The information for the Chase Freedom® has been collected independently by Johnny Jet. The card details on this page have not been reviewed or provided by the card issuer.
You will find out what personal credit score you need to have the best approval odds for this reward earning credit card.
Read This: If you’re unsure about the card or want to learn more about whether or not it’s worthy of a spot in your wallet, check out our in-depth Chase Freedom review.
There are also a few other things you should know before applying for the Freedom or any of the other best Chase credit cards.
Credit Score Needed for Chase Freedom
Your approval odds for the Chase Freedom almost entirely depends on two factors. The most important factor is your credit score.
Having a minimum 670 credit score gives you the best approval odds. Many banks and consumers consider a 670 to 739 credit score as good credit. A 740 credit score or above means you have excellent credit and qualify for essentially any card that doesn’t require a special invite. A higher score also makes it more likely you will get a higher initial credit limit.
Jack19701 on May 3, 2019, reports getting the Chase Freedom with a $2,000 credit limit with a 650 credit score.
Yulisa250 on March 12, 2019, is proof you can be approved with a fair credit score. They had a 598 credit score at the time. The downside is only being approved for a $1000 credit limit. But, it’s still a free way to build credit and earn one of the highest rewards rates on purchases.
Being a current Chase customer can also boost your approval odds if you have a fair credit score. Regardless of your score, you can see if you prequalify for the Chase Freedom with CardMatch. It’s free to check and doesn’t hurt your credit score.
Chase won’t do a hard credit pull until you submit an official application.
How Many New Credit Cards Do You Have?
The second most important factor for your Chase Freedom approval odds is how many new credit cards you have. Too many new credit cards means Chase can reject your Chase Freedom application even if you have near-perfect credit.
Each bank has different credit card application guidelines.
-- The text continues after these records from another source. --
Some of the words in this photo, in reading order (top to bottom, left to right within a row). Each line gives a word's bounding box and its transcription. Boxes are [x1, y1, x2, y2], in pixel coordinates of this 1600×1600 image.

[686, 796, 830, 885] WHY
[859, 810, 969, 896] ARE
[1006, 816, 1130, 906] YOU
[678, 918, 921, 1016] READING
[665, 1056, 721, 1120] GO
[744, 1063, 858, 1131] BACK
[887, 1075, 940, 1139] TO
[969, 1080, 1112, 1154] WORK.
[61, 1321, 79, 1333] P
For example, Wells Fargo only lets you qualify for a new signup bonus once every 15 months, even if you apply for two completely different cards. Capital One only lets you have up to 5 open accounts at one time.
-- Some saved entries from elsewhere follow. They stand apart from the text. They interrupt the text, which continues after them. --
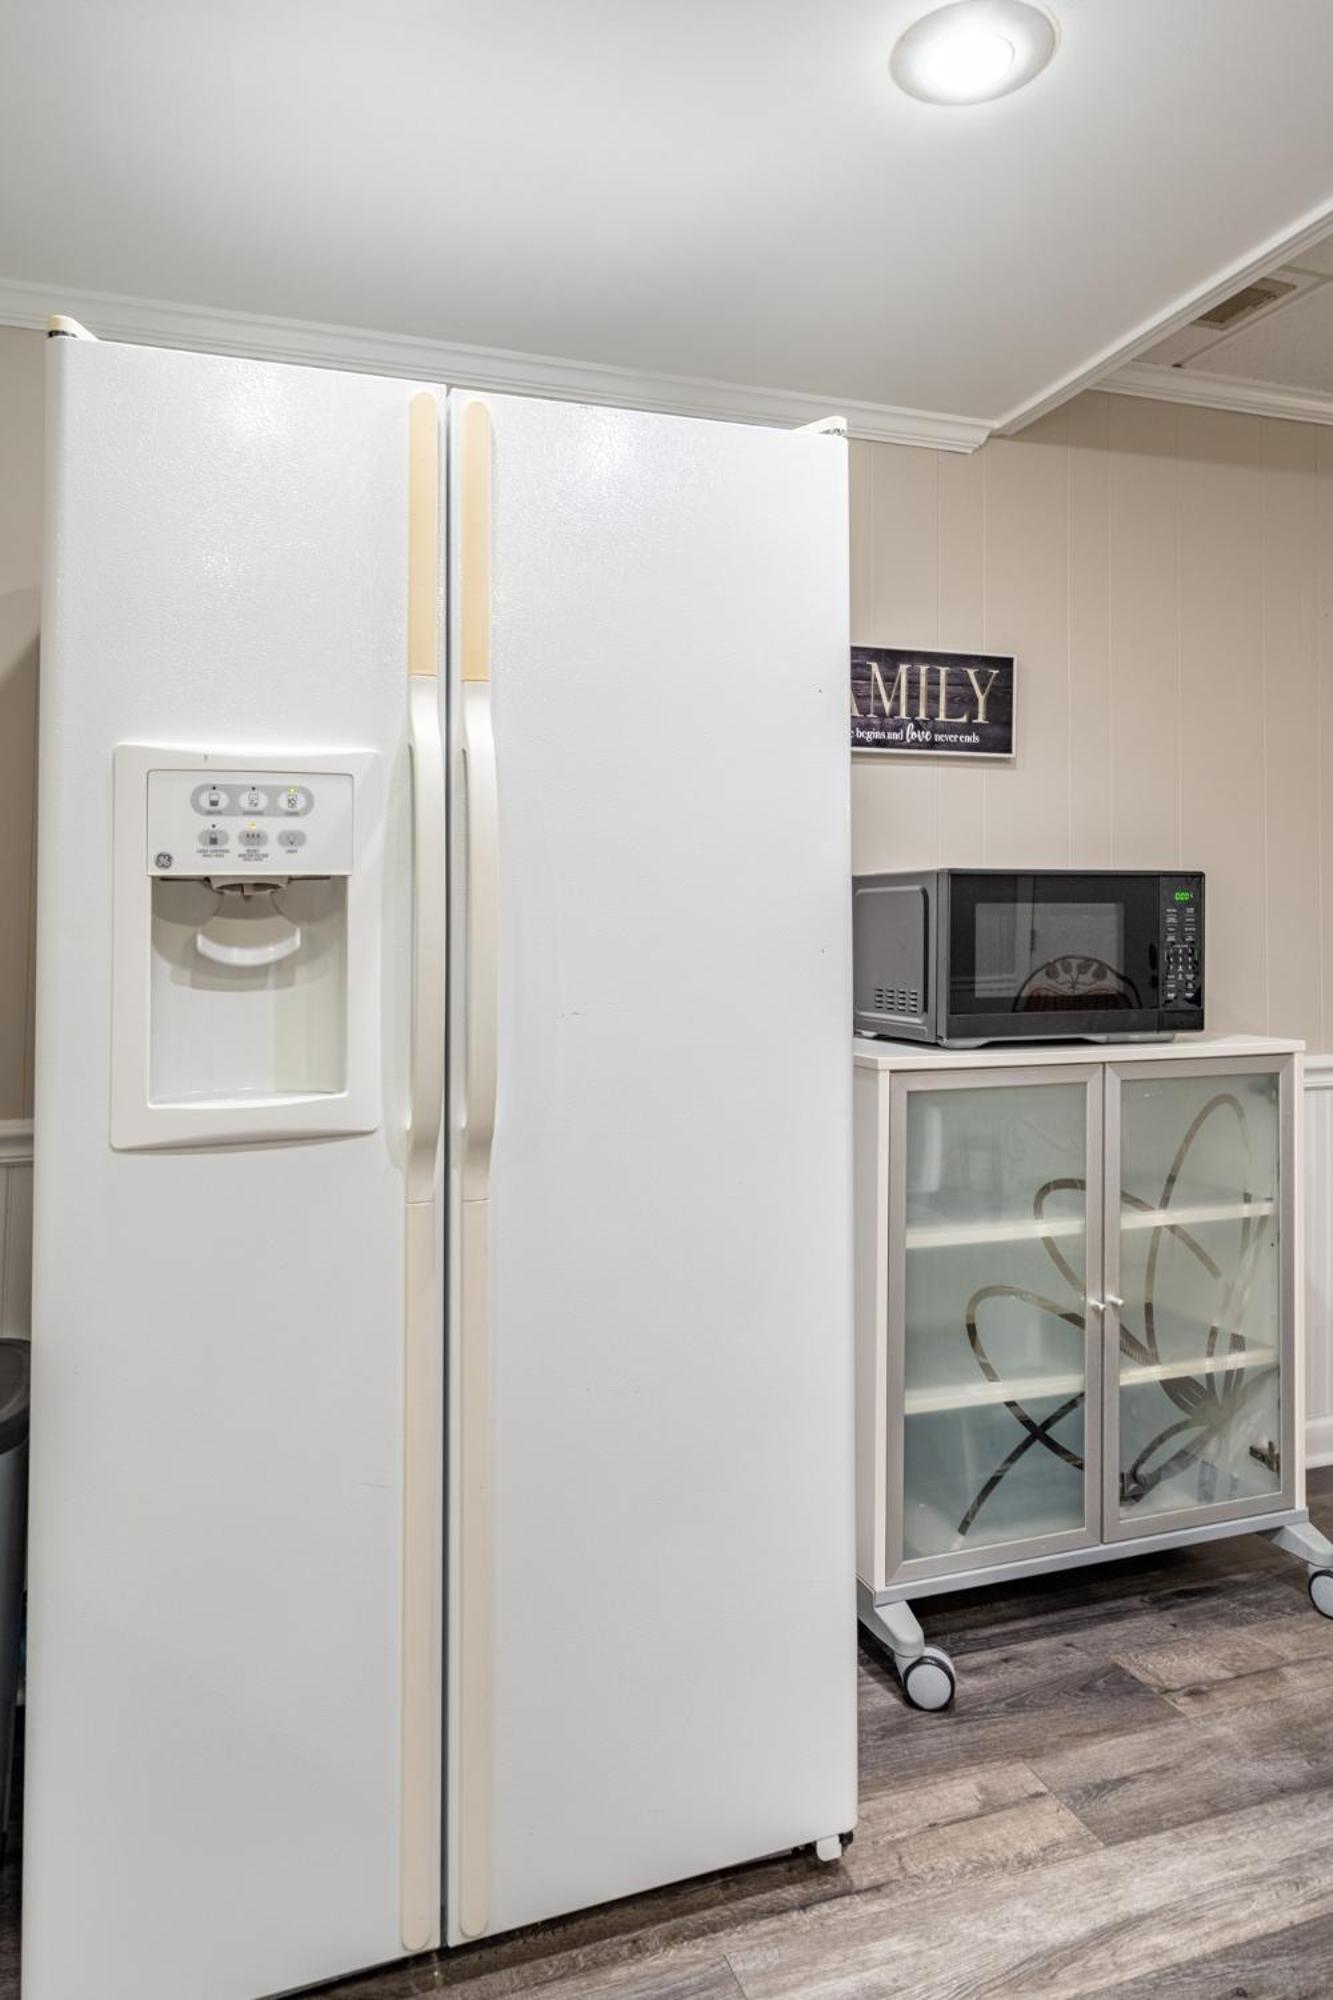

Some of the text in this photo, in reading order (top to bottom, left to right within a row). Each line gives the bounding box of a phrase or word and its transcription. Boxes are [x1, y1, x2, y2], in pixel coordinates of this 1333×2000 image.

[856, 727, 886, 742] begins
[887, 729, 904, 740] and
[906, 722, 932, 743] love
[934, 733, 959, 742] never
[959, 731, 980, 743] ends
Chase has one of the most restrictive policies meant to discourage churning. It’s known as the “5/24 rule” and it applies to every Chase credit card that earns Ultimate Rewards or a co-brand travel credit card.
If you added at least 5 new credit cards to your wallet in the last 24 months (even as an authorized user), you will most likely need to wait to get the Chase Freedom. Once you only have four or fewer cards opened in the last 24 months, you can apply.
Wait 30 Days Between Applications
If you recently applied for a card, you may also wait 30 days before applying for the Chase Freedom to show the first on-time payment for your newest card. If your credit score is right around 670 or a few points less, you might wait up to 6 months after your last credit card application to apply for the Freedom Card.
Although you are still below the 5/24 mark, you want the highest credit score and cleanest credit report possible to optimize your approval odds.
Waiting between three and six months is usually enough time for your credit score to rebound from the temporary dip that comes from every credit card application. And, you can show Chase that you are paying your balance in full each month.
$150 Signup Bonus
If you feel confident about your approval odds, now can be a good time to get the Chase Freedom. The signup bonus is easy to earn. You only have to spend $500 in the first 3 months to earn $150 bonus cash.
Periodically, Chase bumps up the signup bonus to $200 with the same $500 minimum spend threshold.
Earn 5% Back
The main reason to get the Chase Freedom is earning 5% back on the first $1,500 spent in quarterly bonus categories. Every calendar quarter, Chase rotates which purchases earn bonus points. All non-bonus spending earns an unlimited 1% back.
Some of the past bonus categories include gas stations, grocery stores, home improvement stores, and tolls. If your current credit only earns 1 point per $1 on these daily purchases, the Freedom can be a good fit for you.
Because of the 3% foreign transaction fee, you should consider a different credit card for international travel.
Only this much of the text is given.